No mando here, but here are our large quadrupeds... Merlin is on the left, and Kaylee is on the right. The cats are on the big bed in the other room.

----------


## Jim Roberts

Mabel B. Free double-dog-daring anyone to come near the Old Wave mandola.

----------


## Miko

This is the noble Bosco. He can play all three of the instruments pictured. (He doesn't do bluegrass - I can't get him to wear a cowboy hat.)

----------


## gros tony

I love this topic

----------


## K3NTUCKI8oy

me and ole Booney

----------


## John Rosett

No mandolin content, but Max prefers the "old hound dog".

----------


## Mark Walker

Alas, I lost my dog (Sparky the Blunder Beagle) last November 8th to a brain tumor. I don't know that there ever was a photo captured of him near me when I was playing an instrument - which is a testimonial to how poor I must play!

It was a bad day - my birthday, and the day I had to have him put down. 

Someday maybe I'll get a singing dog!

----------


## Max Girouard

Howl'n good time!

----------


## mitchelwb

I saw this thread from work, had to come home and snap a pic of my pup with my mando JUST for this thread! 

That's Gentleman and he's about 2 1/2 years old.

Edit: I must not have done something right... seemed simple enough, but it didn't load the pic so I'll just link to it in my photobucket acct then!

----------


## JEStanek

Mitcheleb, that's a nice matched set. I had a friend who's boney, 130lb female great dane was conviced she was a lap dog! 

Jamie

----------


## mitchelwb

Curious: Actually, the file I tried to upload I had loaded into fireworks and resized down to 98K. But when I submitted the reply, it didn't show up. So I just linked it to my photobucket site. The one on photobucket hadn't been massaged to meet file size requirements.

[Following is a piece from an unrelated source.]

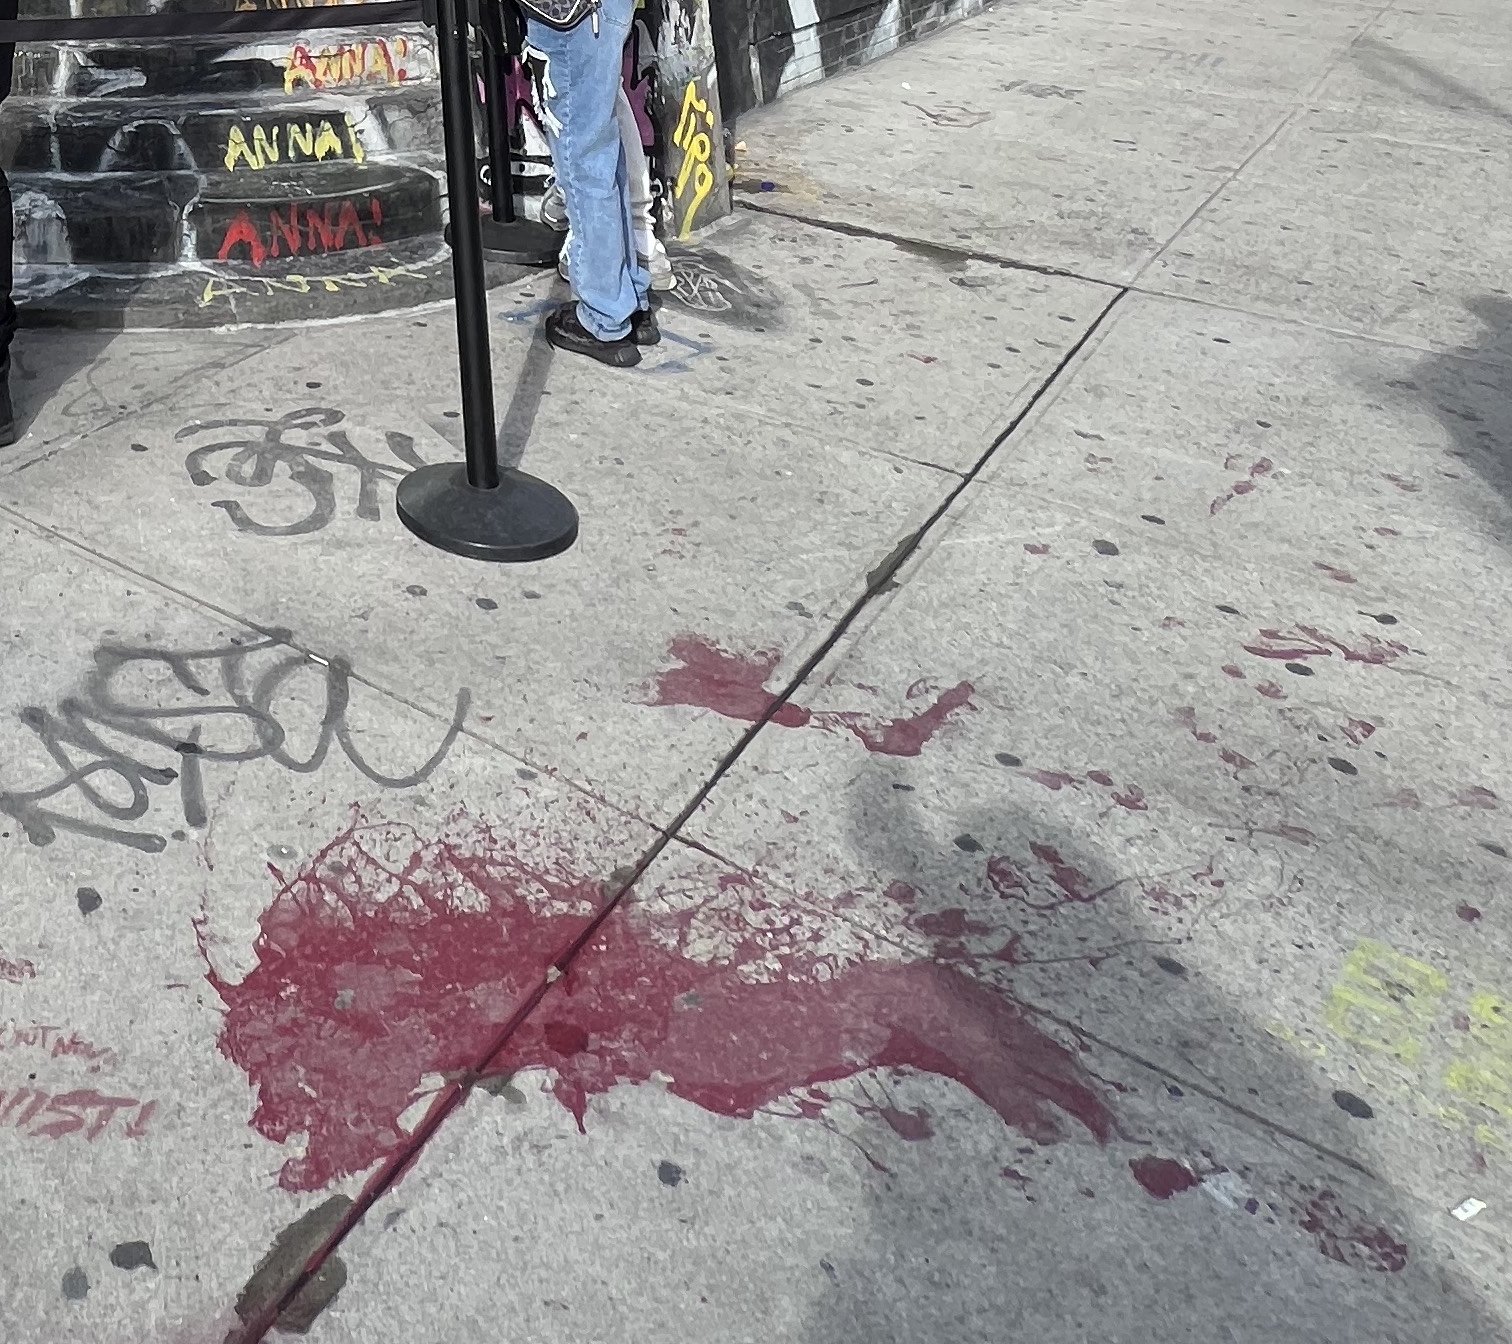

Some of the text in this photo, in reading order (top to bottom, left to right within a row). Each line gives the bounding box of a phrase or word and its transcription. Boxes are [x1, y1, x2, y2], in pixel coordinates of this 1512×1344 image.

Jamie: When I got him, he was huge. other Dane owners couldn't believe how big he was. We all thought he was going to be a monster. But he turned out to be a skinny-minny. He's only about 110 lbs and has been since about 10 months. He's plenty tall, just never got that barrel chest that most Danes have. And you'll notice the chair... that's his chair. If you're in his chair, he will sit on your lap

----------


## JEStanek

General photo stuff I've noticed from a photo editing point of view... With Photoshop when I resize an image then save it selecting the file quality to give smaller filesizes, the displayed size is often smaller than what is creates to the disk. #You can check the filesize on disc through different views #(right click- properties for PCs) or just viewing the details in a file list. #

Jamie

----------


## Keith Erickson

We miss you Baylie...

...she left this Earth December 1st, 2007 after a three year fight with diabetes.

----------


## red7flag

One funny thought that fits this thread is that when I pick up a mandolin, my dog will go get his ball and put it next to me for me to throw. When I put the mandolin down, he will drop it at that moment. Funny how that works.
Tony

----------


## billkilpatrick

it's a charango - call it a mandolin, tuned in 5ths - but here you go:

http://www.youtube.com/watch?v=g0PvfmESq9Y

----------


## JEStanek

Bill,

That's no dog! In fact, I rather enjoyed the playing... I'm guessing this should be in the post a video of yorself.


Jamie

----------


## mandolinny

Dan, what a beautiful weimaraner. I have two girls at my house, Sadie and Bella. They are by far my favorite breed. My ex husband told me I loved my dogs more than him, often times he was right.........LOL!!!!
Tami

----------


## danb

Here's the little guy.. mandolin content: He's named Gibson

----------


## JEStanek

Dan, That ranks up there with Wegman's work for interesting photo of a weimaranerererer (I never know when to stop when typing those).

Jamie

----------


## mandolinny

Jamie...lol.....Dan what an expressive face, it makes me wanna go hug my dogs. I can't wait to get to my laptop and post of picture of my weimies. My dad hunted pheasant with them so I've been around them my whole life, mine only hunt biscuits... :Smile:

----------


## danb

More distorted dog photography.. made me think of "hello kitty" style characters. This is with a very wide (10mm) wide angle lens, same as the previous one (his head's not that much bigger than his body!)

----------


## mandolinny

Living very very near the path of the devastating tornados in Arkansas this week. When I had my children take shelter within our house, the first thing they did is get the dogs in there with them. Prayers up for the families effected,(can I say that), oh well I just did!!!!
Tami

----------


## amowry

Well, there's no man or mandolin, but it's just too cute not to post.

----------


## fredfrank

Oops, this may not have the required mando content!

----------


## JEStanek

Fred, does your springer look nervous because of the flash or because you might pick that banjo up?!?  

Nice dog.

Jamie

----------


## fredfrank

He is always dubious of what I'm up to. Just this morning I tried clipping his toenails. There went a lot of trust out the window!

----------


## billkilpatrick

> Bill,
> 
> That's no dog! In fact, I rather enjoyed the playing... I'm guessing this should be in the post a video of yorself.
> 
> 
> Jamie


apologies for making you sit through all of that but our dog "bella" comes in just at the end, climbing the stair.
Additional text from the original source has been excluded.